**Description of the task:** Lines containing the word "ELÍSABET" are to be copied from the data below.

+ + + +

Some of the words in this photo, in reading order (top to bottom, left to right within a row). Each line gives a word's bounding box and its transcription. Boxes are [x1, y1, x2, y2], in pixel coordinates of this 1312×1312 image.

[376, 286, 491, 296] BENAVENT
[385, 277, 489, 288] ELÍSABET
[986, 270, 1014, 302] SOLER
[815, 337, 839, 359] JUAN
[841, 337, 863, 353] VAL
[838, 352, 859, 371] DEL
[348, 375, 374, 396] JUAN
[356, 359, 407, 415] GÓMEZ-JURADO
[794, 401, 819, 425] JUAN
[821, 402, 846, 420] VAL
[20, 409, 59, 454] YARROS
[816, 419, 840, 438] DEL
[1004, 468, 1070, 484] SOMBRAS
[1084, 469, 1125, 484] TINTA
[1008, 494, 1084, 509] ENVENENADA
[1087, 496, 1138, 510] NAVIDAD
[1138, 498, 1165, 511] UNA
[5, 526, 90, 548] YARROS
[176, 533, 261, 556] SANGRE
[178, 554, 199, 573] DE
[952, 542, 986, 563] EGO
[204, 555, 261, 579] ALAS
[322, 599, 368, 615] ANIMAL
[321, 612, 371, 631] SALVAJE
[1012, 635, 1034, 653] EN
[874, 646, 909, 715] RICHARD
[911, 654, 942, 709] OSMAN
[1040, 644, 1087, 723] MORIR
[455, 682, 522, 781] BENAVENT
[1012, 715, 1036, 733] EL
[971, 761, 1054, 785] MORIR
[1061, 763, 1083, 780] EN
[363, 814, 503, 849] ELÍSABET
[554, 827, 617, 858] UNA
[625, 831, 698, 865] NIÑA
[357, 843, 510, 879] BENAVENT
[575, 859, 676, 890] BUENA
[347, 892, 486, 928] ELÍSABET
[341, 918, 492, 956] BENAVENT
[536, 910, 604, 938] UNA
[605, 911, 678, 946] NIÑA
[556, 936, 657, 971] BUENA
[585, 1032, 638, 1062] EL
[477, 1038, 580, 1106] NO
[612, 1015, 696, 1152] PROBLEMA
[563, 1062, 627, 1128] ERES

+ + + +

**Written response:**
[385, 277, 489, 288] ELÍSABET
[363, 814, 503, 849] ELÍSABET
[347, 892, 486, 928] ELÍSABET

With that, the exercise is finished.